| Exercise details |
Return every line below exactly as written.

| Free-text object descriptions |
------------------------------------

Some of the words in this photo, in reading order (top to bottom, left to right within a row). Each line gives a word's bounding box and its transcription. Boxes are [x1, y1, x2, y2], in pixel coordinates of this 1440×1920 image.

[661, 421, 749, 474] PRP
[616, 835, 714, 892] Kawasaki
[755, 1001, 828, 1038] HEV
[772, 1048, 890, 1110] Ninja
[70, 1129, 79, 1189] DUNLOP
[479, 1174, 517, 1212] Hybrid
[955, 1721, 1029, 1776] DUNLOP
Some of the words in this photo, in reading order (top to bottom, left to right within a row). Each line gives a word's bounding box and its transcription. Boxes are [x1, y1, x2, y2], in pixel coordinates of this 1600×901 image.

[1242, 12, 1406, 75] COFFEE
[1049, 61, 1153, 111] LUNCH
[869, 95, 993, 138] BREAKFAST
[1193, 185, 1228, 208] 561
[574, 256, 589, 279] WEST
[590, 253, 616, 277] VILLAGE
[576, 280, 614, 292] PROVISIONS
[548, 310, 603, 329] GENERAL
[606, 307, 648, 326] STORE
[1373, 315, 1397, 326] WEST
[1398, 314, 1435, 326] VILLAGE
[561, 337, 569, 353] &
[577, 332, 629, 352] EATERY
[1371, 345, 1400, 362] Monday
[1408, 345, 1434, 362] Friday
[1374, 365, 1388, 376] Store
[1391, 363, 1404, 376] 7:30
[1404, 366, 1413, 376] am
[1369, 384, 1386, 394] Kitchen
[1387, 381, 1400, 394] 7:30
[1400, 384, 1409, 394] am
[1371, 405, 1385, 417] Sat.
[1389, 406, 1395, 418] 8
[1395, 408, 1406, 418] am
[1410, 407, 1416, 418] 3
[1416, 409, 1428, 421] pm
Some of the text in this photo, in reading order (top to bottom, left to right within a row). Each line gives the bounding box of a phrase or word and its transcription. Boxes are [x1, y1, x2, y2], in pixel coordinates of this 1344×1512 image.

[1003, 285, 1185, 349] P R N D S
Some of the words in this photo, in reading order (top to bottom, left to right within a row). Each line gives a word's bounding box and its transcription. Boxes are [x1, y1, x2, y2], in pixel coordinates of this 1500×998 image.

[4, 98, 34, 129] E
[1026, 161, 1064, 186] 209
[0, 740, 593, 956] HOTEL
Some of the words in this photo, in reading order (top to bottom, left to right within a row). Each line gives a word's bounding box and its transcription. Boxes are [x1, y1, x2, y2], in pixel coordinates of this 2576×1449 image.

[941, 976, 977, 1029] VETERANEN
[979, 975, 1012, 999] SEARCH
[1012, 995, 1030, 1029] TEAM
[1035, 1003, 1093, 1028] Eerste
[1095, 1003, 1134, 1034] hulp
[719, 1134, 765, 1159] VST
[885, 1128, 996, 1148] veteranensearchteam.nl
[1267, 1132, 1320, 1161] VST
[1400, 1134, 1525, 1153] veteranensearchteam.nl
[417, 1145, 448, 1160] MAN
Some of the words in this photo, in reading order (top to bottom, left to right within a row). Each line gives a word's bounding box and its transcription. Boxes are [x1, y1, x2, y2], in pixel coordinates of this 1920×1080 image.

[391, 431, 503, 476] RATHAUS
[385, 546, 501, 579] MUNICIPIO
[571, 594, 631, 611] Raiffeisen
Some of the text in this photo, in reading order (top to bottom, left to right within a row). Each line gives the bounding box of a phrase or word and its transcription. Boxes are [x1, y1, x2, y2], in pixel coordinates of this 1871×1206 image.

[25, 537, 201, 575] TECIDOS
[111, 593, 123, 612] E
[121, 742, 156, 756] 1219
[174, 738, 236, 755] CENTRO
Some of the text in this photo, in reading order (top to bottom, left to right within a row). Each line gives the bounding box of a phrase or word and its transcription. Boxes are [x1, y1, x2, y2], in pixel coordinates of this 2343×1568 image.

------------------------------------

| Answer section |
Some of the words in this photo, in reading order (top to bottom, left to right within a row). Each line gives a word's bounding box and its transcription. Boxes are [x1, y1, x2, y2], in pixel coordinates of this 1440×1920 image.

[661, 421, 749, 474] PRP
[616, 835, 714, 892] Kawasaki
[755, 1001, 828, 1038] HEV
[772, 1048, 890, 1110] Ninja
[70, 1129, 79, 1189] DUNLOP
[479, 1174, 517, 1212] Hybrid
[955, 1721, 1029, 1776] DUNLOP
Some of the words in this photo, in reading order (top to bottom, left to right within a row). Each line gives a word's bounding box and its transcription. Boxes are [x1, y1, x2, y2], in pixel coordinates of this 1600×901 image.

[1242, 12, 1406, 75] COFFEE
[1049, 61, 1153, 111] LUNCH
[869, 95, 993, 138] BREAKFAST
[1193, 185, 1228, 208] 561
[574, 256, 589, 279] WEST
[590, 253, 616, 277] VILLAGE
[576, 280, 614, 292] PROVISIONS
[548, 310, 603, 329] GENERAL
[606, 307, 648, 326] STORE
[1373, 315, 1397, 326] WEST
[1398, 314, 1435, 326] VILLAGE
[561, 337, 569, 353] &
[577, 332, 629, 352] EATERY
[1371, 345, 1400, 362] Monday
[1408, 345, 1434, 362] Friday
[1374, 365, 1388, 376] Store
[1391, 363, 1404, 376] 7:30
[1404, 366, 1413, 376] am
[1369, 384, 1386, 394] Kitchen
[1387, 381, 1400, 394] 7:30
[1400, 384, 1409, 394] am
[1371, 405, 1385, 417] Sat.
[1389, 406, 1395, 418] 8
[1395, 408, 1406, 418] am
[1410, 407, 1416, 418] 3
[1416, 409, 1428, 421] pm
Some of the text in this photo, in reading order (top to bottom, left to right within a row). Each line gives the bounding box of a phrase or word and its transcription. Boxes are [x1, y1, x2, y2], in pixel coordinates of this 1344×1512 image.

[1003, 285, 1185, 349] P R N D S
Some of the words in this photo, in reading order (top to bottom, left to right within a row). Each line gives a word's bounding box and its transcription. Boxes are [x1, y1, x2, y2], in pixel coordinates of this 1500×998 image.

[4, 98, 34, 129] E
[1026, 161, 1064, 186] 209
[0, 740, 593, 956] HOTEL
Some of the words in this photo, in reading order (top to bottom, left to right within a row). Each line gives a word's bounding box and its transcription. Boxes are [x1, y1, x2, y2], in pixel coordinates of this 2576×1449 image.

[941, 976, 977, 1029] VETERANEN
[979, 975, 1012, 999] SEARCH
[1012, 995, 1030, 1029] TEAM
[1035, 1003, 1093, 1028] Eerste
[1095, 1003, 1134, 1034] hulp
[719, 1134, 765, 1159] VST
[885, 1128, 996, 1148] veteranensearchteam.nl
[1267, 1132, 1320, 1161] VST
[1400, 1134, 1525, 1153] veteranensearchteam.nl
[417, 1145, 448, 1160] MAN
Some of the words in this photo, in reading order (top to bottom, left to right within a row). Each line gives a word's bounding box and its transcription. Boxes are [x1, y1, x2, y2], in pixel coordinates of this 1920×1080 image.

[391, 431, 503, 476] RATHAUS
[385, 546, 501, 579] MUNICIPIO
[571, 594, 631, 611] Raiffeisen
Some of the text in this photo, in reading order (top to bottom, left to right within a row). Each line gives the bounding box of a phrase or word and its transcription. Boxes are [x1, y1, x2, y2], in pixel coordinates of this 1871×1206 image.

[25, 537, 201, 575] TECIDOS
[111, 593, 123, 612] E
[121, 742, 156, 756] 1219
[174, 738, 236, 755] CENTRO
Some of the text in this photo, in reading order (top to bottom, left to right within a row). Each line gives the bounding box of a phrase or word and its transcription. Boxes are [x1, y1, x2, y2], in pixel coordinates of this 2343×1568 image.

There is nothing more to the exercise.